Representing Data

I took this course for two reasons. First, I wanted a course more oriented around developing data visualization skills, as opposed to another course that focused on writing skills, of which I’ve had many. Second, I wanted to explore how ethics is related to data visualization. Even though I started my career as a designer, I never really explored the impact of ethics on data visualization. In short, I accepted the data I was given and then made it look good. The course itself teaches data visualization skills through the use of different technologies and applications. However, the tools are meant to be used in a particular order, which is interesting and valuable for projects in the future. In design school, we’d often start with sketches and then move directly to first-round mock-ups in Adobe Whatever. In this course, there is more of a progression of tools, each meant to be used for a specific phase of the project, which I’ve briefly described below:

  1. Sketches: This is the most basic step but arguably the most important. The reason is that you have to decide what exactly you want to visualize. One important thing I learned, or shall I say, re-learned, in the course is that data visualization does not mean you have to visualize every single column and row. Instead, one must make deliberate decisions on what to focus on. The story in the data is often a subset of the entire dataset, much like how the real story in a movie is really a subset of everything that was filmed. Sketches help you decide what to focus on at the onset.
  2. RawGraphs: This was a new tool for me and one I really liked. RawGraphs is excellent for rapid data experimentation. It allows you to load a dataset (or pick one of theirs) and start experimenting with different visualizations without building and rebuilding data sets. These visualizations are pre-configured, so you simply have to assign which columns you want to focus on and hit “enter.”
  3. Tableau: Obviously, this is a juggernaut application and one that I’ve been using for years. I will also say that it’s still the best and probably the most robust app in the space compared to Looker, Power BI, etc.) The learning curve on Tableau is steep, but they have a great online learning community built around the product with tons of free resources. Tableau is the main application we used for the group project, whereby our four-person group chose a dataset and set to task visualizing it. The thing about Tableau is you can do a lot with your visualization rather quickly. However, the best visualizations always have lots of nuance and detail, and these aspects require a learning commitment. 
  4. Python: This is the one tool taught in the class that isn’t “drag ‘n drop.” Anyone who uses Python knows that the packages bring data to life. In this course, we’re focusing primarily on Seaborn and Altair, which are used for statistical data visualization, and Vega-Altair, which is used for interactive data visualizations. Of course, you still need the basic Python packages like Pandas, MatplotLib, and NumPy, but most of the coursework requires visualization tools. I prefer Python over Tableau for the hard-core statistical analysis work. Tableau has some of this functionality, but doesn’t offer the level of control that Python does. Plus, it’s much better for use cases such as visualizing ML model performance.

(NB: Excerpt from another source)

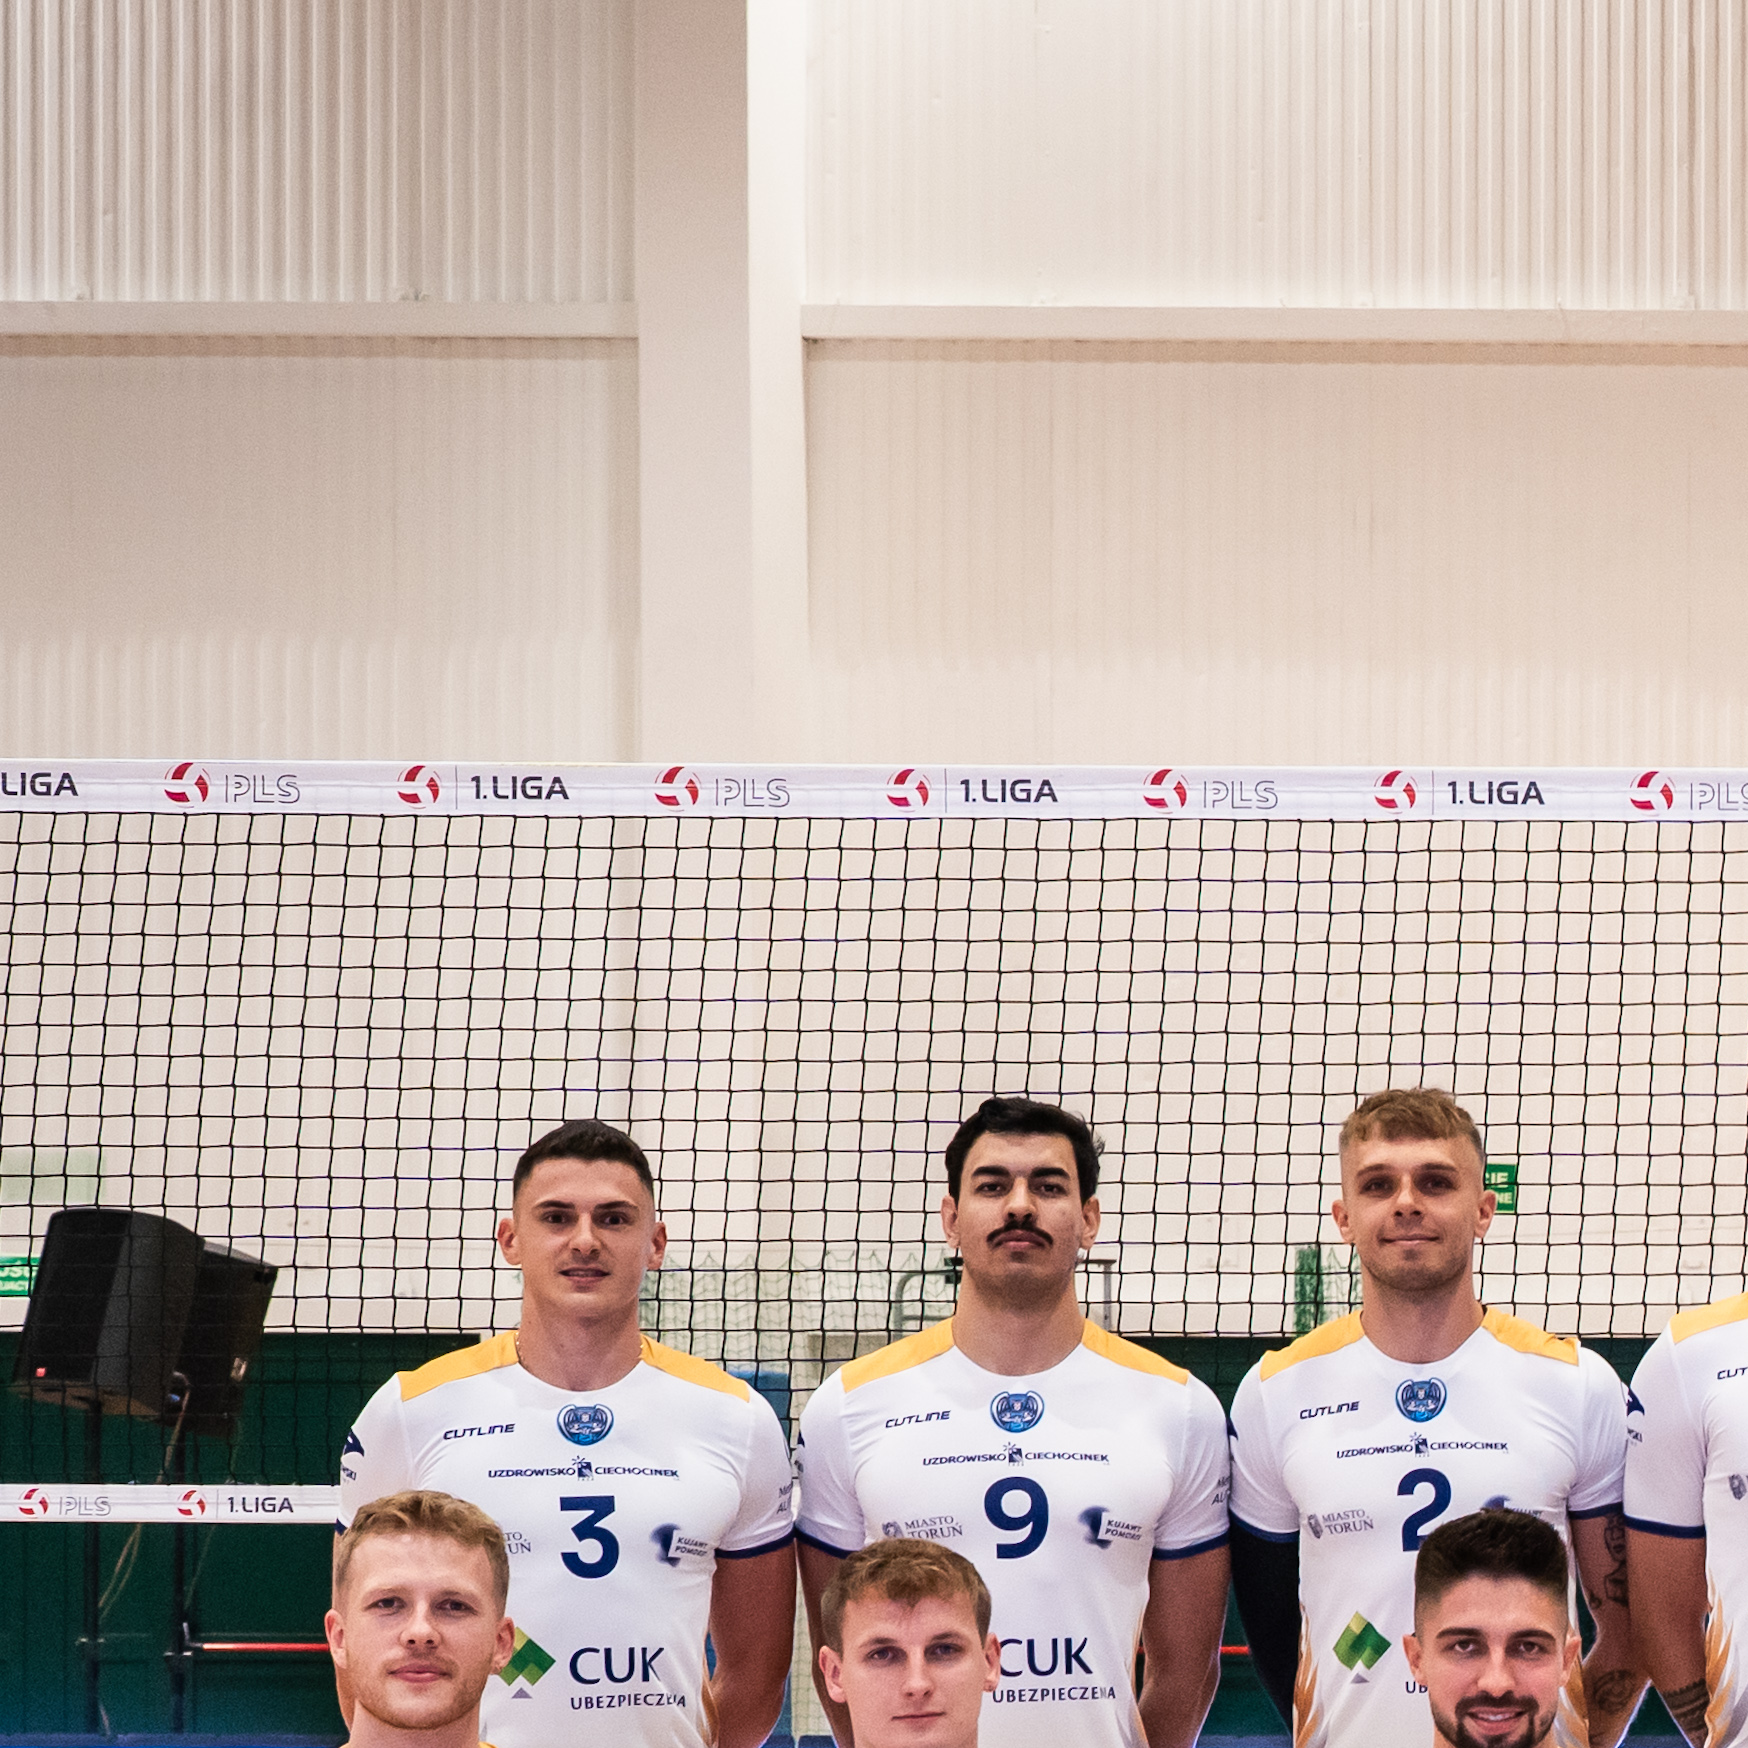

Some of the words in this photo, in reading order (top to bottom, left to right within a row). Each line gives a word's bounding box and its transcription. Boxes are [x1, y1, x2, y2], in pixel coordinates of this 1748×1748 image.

This course has also encouraged me to rethink the data visualization components of my futures project. My futures project, which focuses on shifting ethics from compliance to competency in what I call “ethics as a skillset,” is majoritively a written report that includes some information tables on specific research aspects of the industry, including adoption trends, current business processes, and ethical frameworks currently in use. At first, I thought I’d approach the data visualization as a set of standard tables and whatnot. However, now I’m thinking about how to make them more interactive. Going further, I’m even considering creating the entire future project as a Jupyter notebook. Not because it’s simply a novel format but because the whole point is to get developers to integrate it into their current process, which means how they read and access the information itself. Remember, while the assignment itself is academic, its use is meant to be practical and used in everyday practices. This is an idea I’ll speak to my advisor about in our second meeting.